There was a specific episode in Mr Collins’s life that changed everything, what he refers to as his ‘conversion on the way to Damascus’.
It is what, in British fascist folklore, is known as the Battle of Welling Library, whose “soldiers” were celebrated as heroes. The truth, Collins said in an interview with The Independent, is that “it was a bloody massacre.”
A cowardly group of 40 or so fascists armed with hammers smashed up a room full of mainly women, […] hitting them with chairs and hurling tables at them […] People were lying on the floor helpless, being stamped on, kicked and hit with objects picked off the walls and floor. A pregnant woman was locked in the toilet and the BNP were trying to kick their way in to get at her and her unborn baby.
Mr Collins talked about this specific episode in his speech at the conference the following day, in front of 80 increasingly silent and deeply touched activists.
He did not spare any awful detail.
The caretaker of the library where the meeting was held tried to stop us. We beat him until he lost consciousness.
He did not milder his participation a tiny bit.
To reach the upper floor and the meeting, we had to pass over his body. We didn’t – we stamped on it, all of us. That man never walked again.

 

The rest of Matthew Collins life is an adventure he wrote in his book “Hate: My Life in the British Far Right” which I highly recommend you to buy. You will find out about how, after this event, he decided to cooperate with an anti-fascist group in the UK and acted undercover for three years, passing information, names and strategies from within the party. You will read about how he got arrested, was helped to leave the country to avoid the revenge of BNP, and spent 10 years in exile in Australia. By 2003, that tiny little group on the outside fringe of society was moving towards the mainstream, gaining over 100,000 votes in local elections held that year. So he came back and started holding speeches to tell his story, living under protection, moving house often while many of his former comrades and a new generation of fascist supporters continue to seek him out to punish his “betrayal”.

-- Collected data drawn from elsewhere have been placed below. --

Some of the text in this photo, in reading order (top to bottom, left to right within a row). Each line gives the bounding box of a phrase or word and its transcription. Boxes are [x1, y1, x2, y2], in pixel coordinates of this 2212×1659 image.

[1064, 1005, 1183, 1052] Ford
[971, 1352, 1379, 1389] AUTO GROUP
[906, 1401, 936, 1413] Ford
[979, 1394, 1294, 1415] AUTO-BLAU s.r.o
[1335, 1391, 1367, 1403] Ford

You can read all of this in the book – what you will not read is the slight change in his voice while he talks about what turns fear into hatred, and hatred into violence. “How do you conquer your fear? What do you do if you are scared of spiders and you see one? You stamp on it. And that is what happens: I was offered the opportunity to be elevated up over all those people I couldn’t understand. And more than elevated, I could master them, destroy them, belittle them.
His voice is more tense. I have time for a last question: Mr Collins, what is the solution? What is your dream? “To have an educated and cultured working class, and a less competitive and destructive middle class. To have a society genuinely fair and that does not create competition. That people who idealise racial ideas would reflect upon the fact that we are all getting poorer… those who already are even more and faster than the others.